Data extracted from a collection

*** Block opens ***

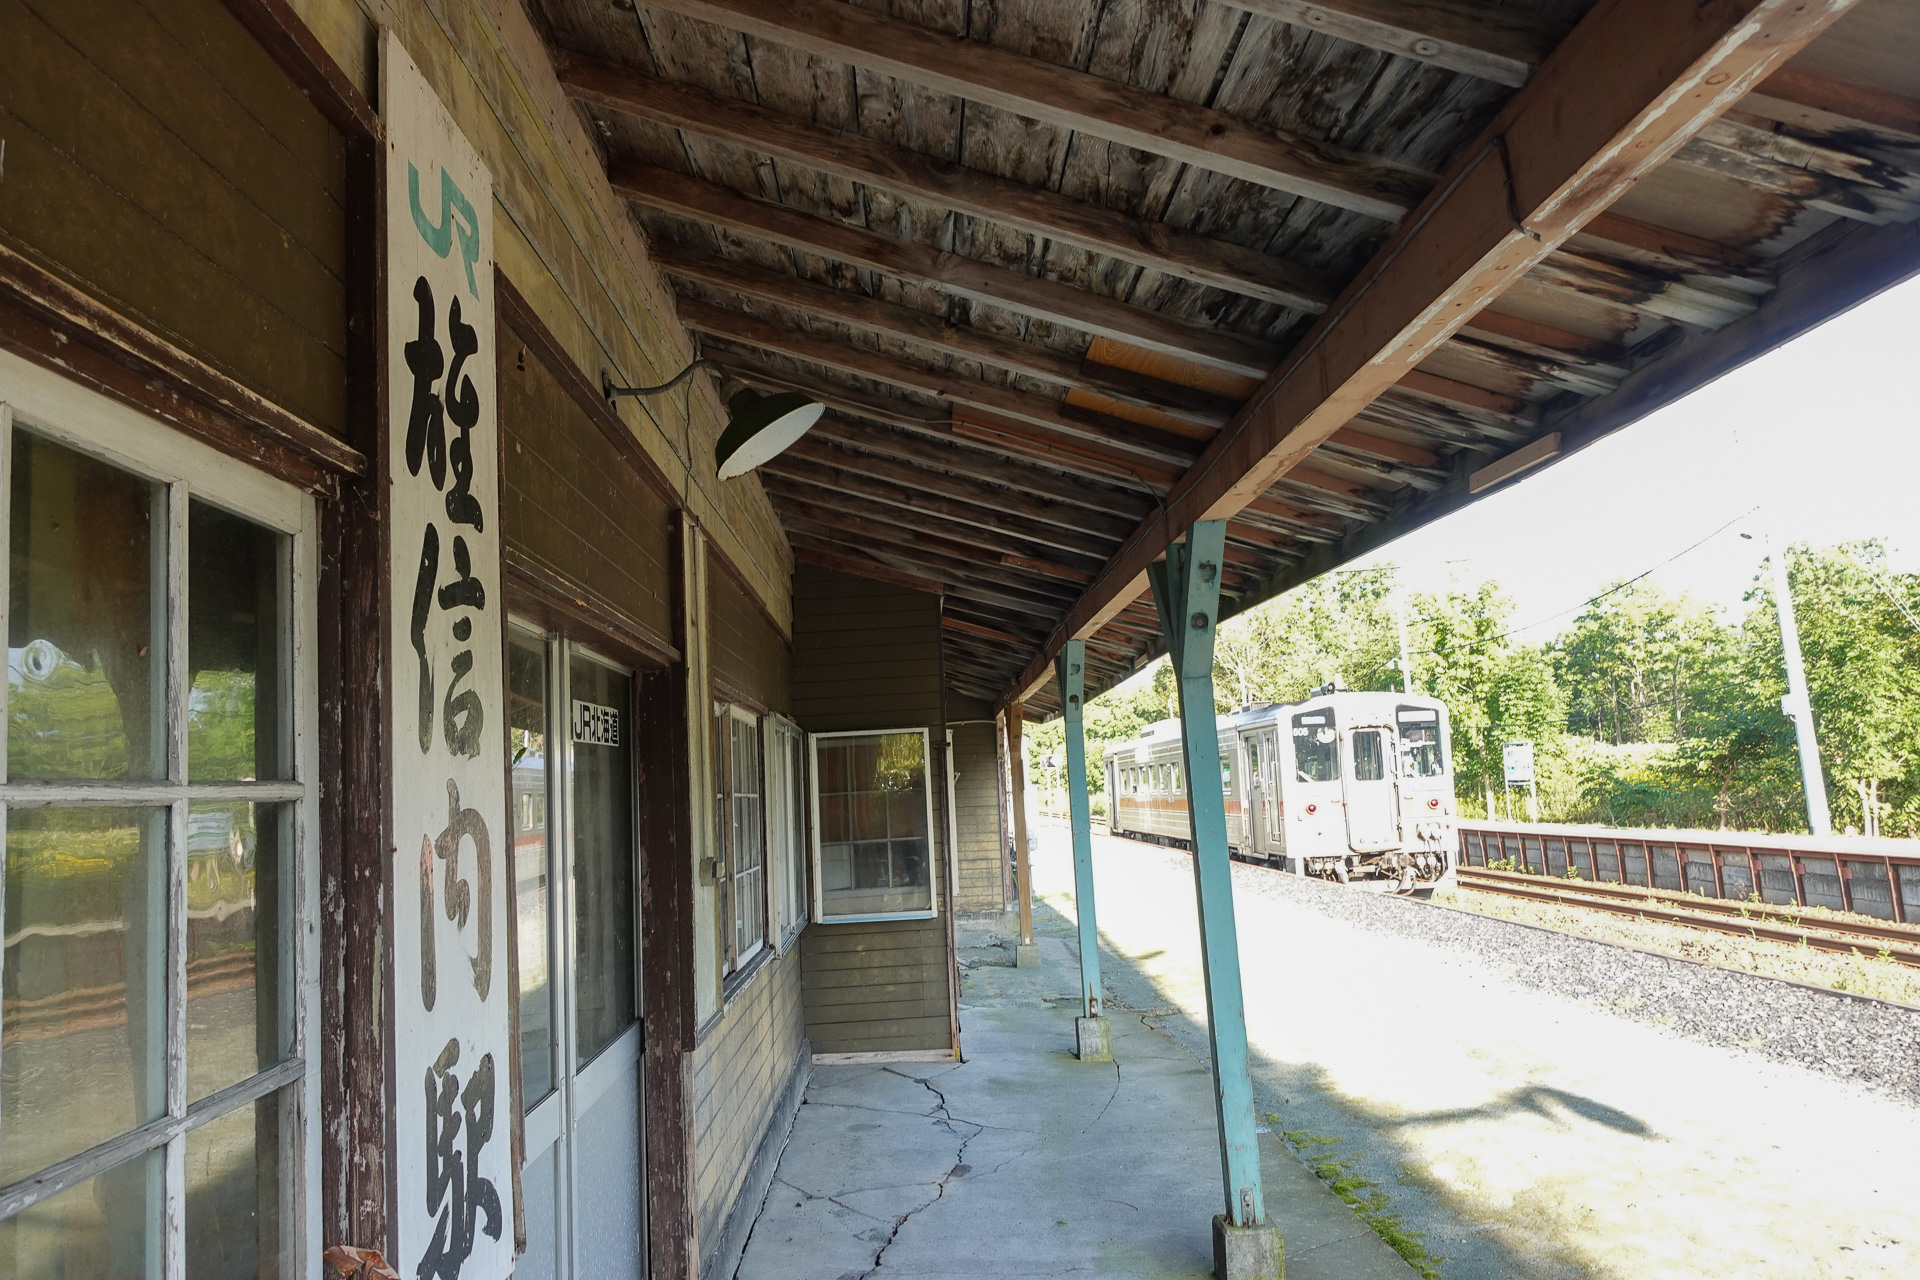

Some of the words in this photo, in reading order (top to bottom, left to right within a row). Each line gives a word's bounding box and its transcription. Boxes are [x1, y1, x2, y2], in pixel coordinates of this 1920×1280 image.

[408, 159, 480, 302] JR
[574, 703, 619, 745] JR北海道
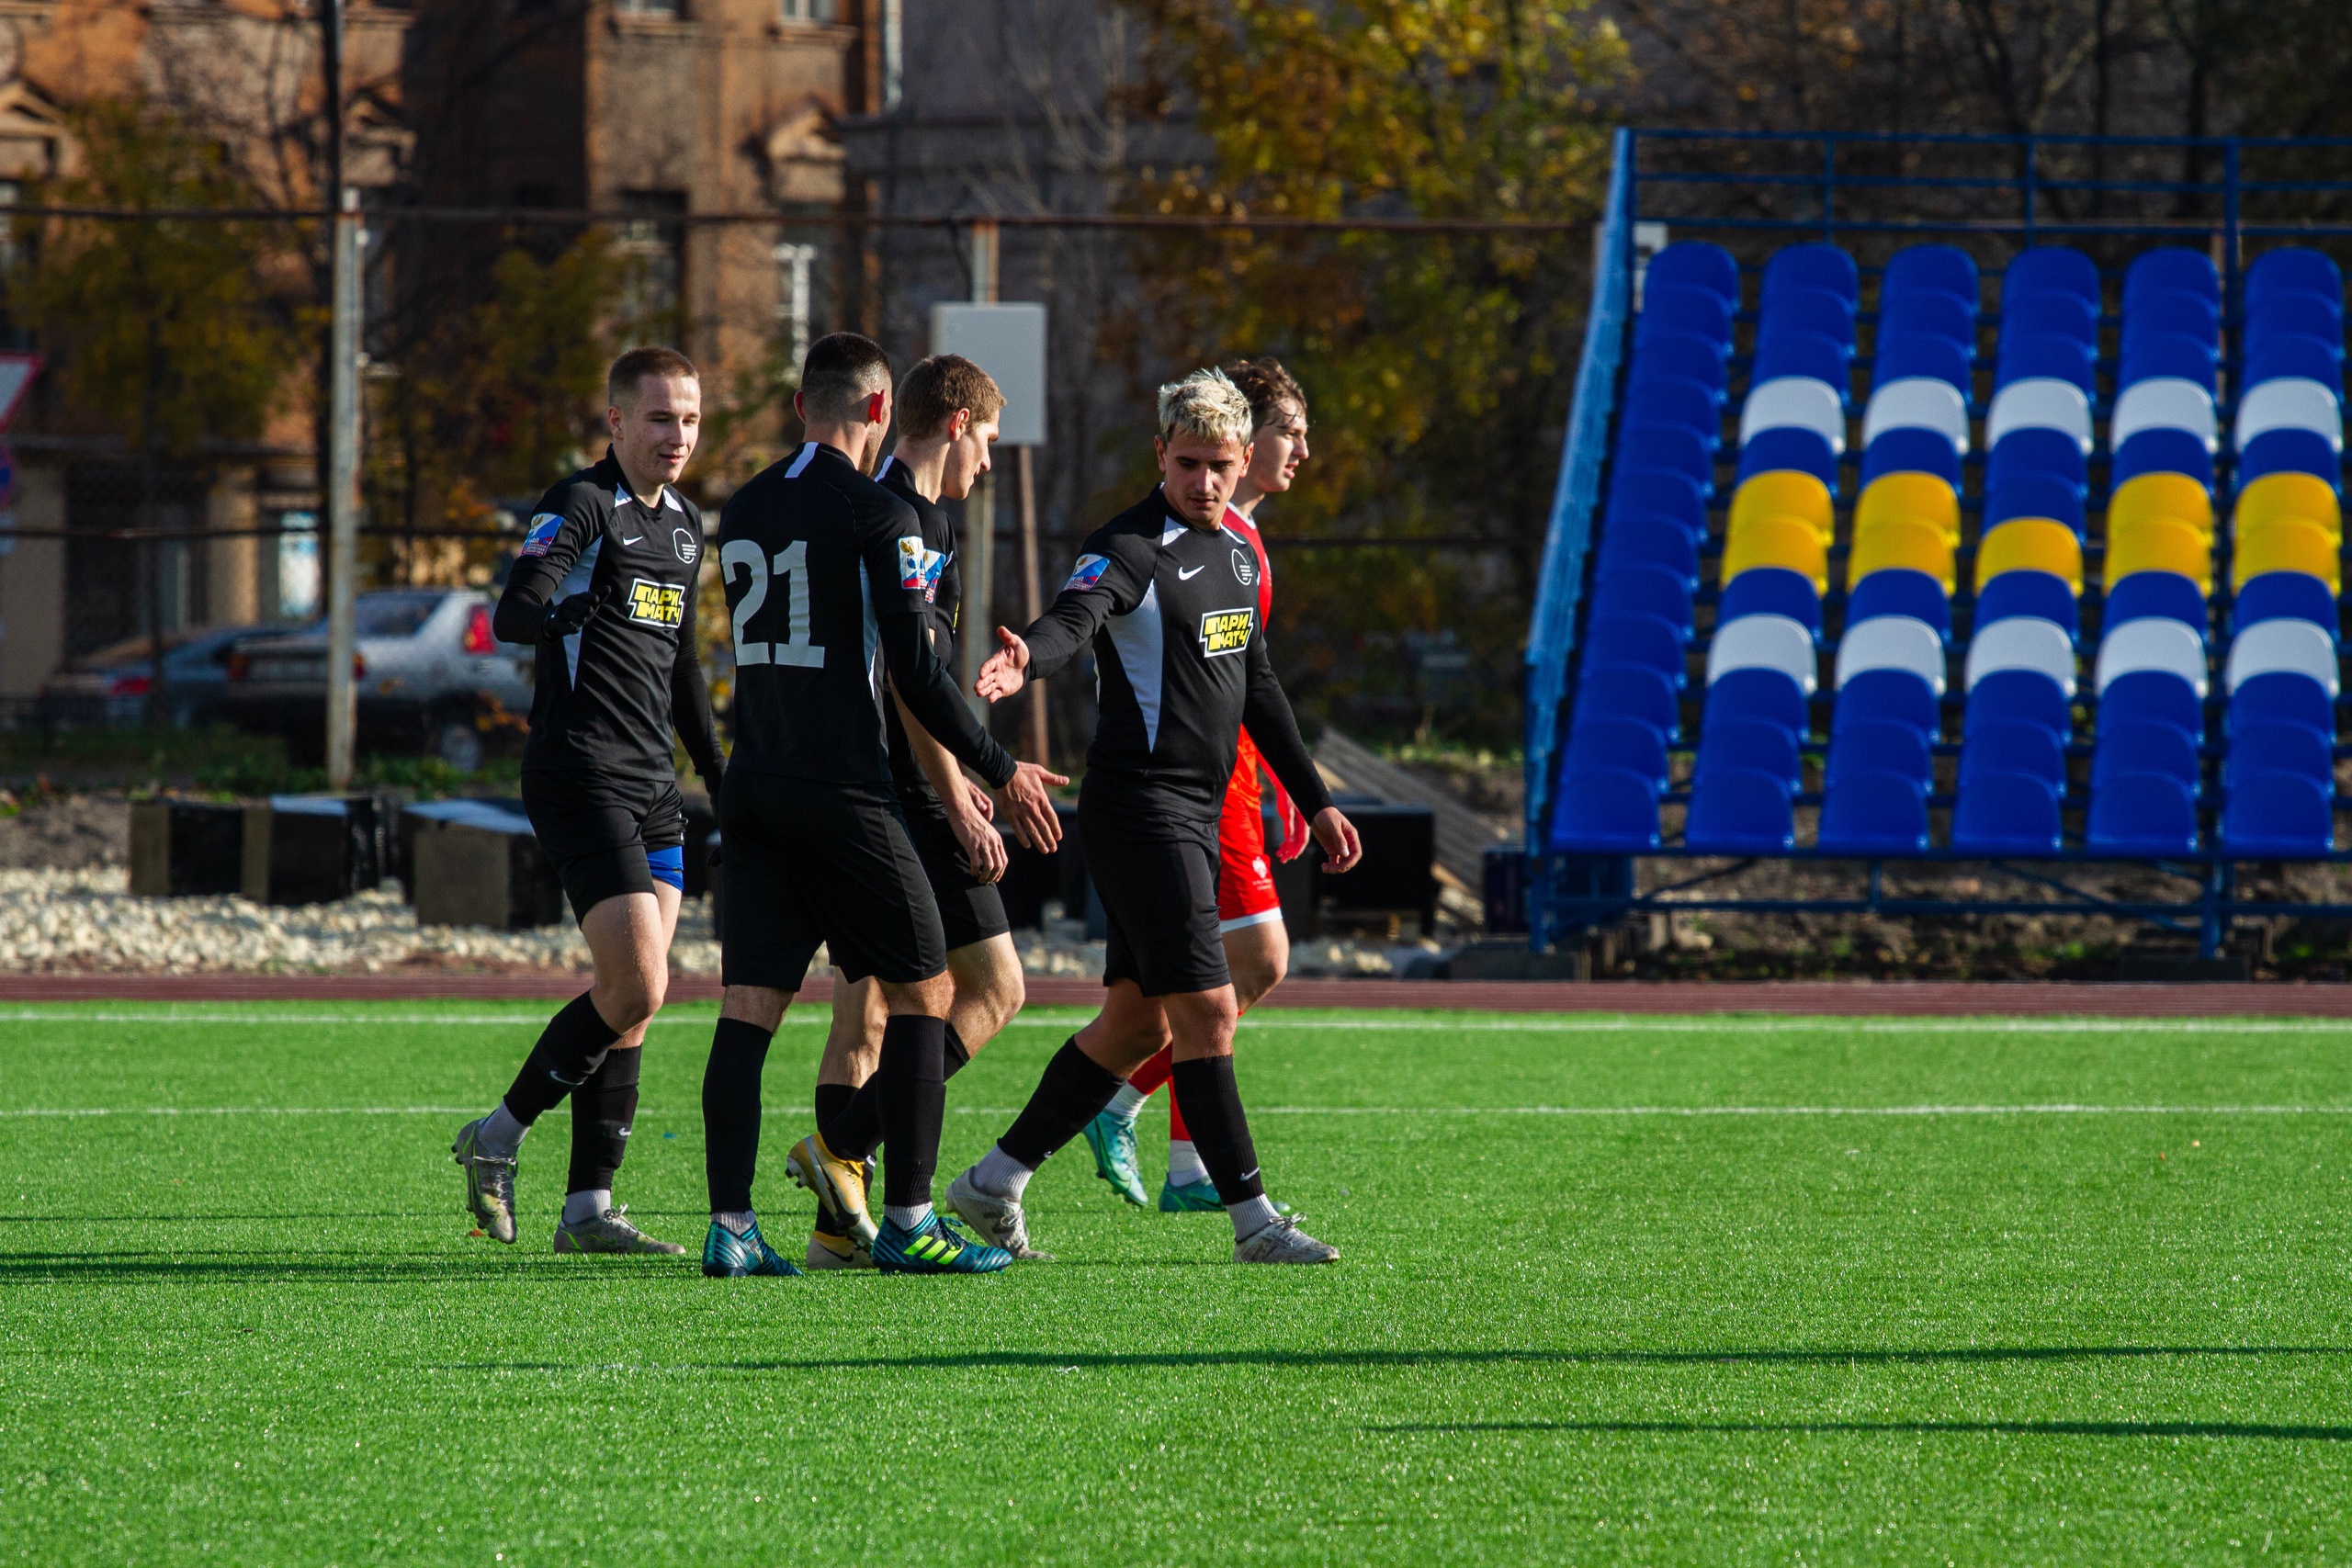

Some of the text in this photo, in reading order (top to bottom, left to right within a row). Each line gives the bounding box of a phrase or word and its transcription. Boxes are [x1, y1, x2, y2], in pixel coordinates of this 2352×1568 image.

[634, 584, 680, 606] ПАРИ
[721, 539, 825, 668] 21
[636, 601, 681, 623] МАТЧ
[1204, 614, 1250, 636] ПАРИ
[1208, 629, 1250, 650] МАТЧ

*** Block closes ***

Each record above is to be copied exactly. Drop the pictures.

Some of the words in this photo, in reading order (top to bottom, left to right within a row). Each line gives a word's bounding box and its transcription. Boxes are [x1, y1, x2, y2], in pixel coordinates of this 1920×1280 image.

[408, 159, 480, 302] JR
[574, 703, 619, 745] JR北海道

Some of the text in this photo, in reading order (top to bottom, left to right within a row). Each line gives the bounding box of a phrase or word and its transcription. Boxes are [x1, y1, x2, y2], in pixel coordinates of this 2352×1568 image.

[634, 584, 680, 606] ПАРИ
[721, 539, 825, 668] 21
[636, 601, 681, 623] МАТЧ
[1204, 614, 1250, 636] ПАРИ
[1208, 629, 1250, 650] МАТЧ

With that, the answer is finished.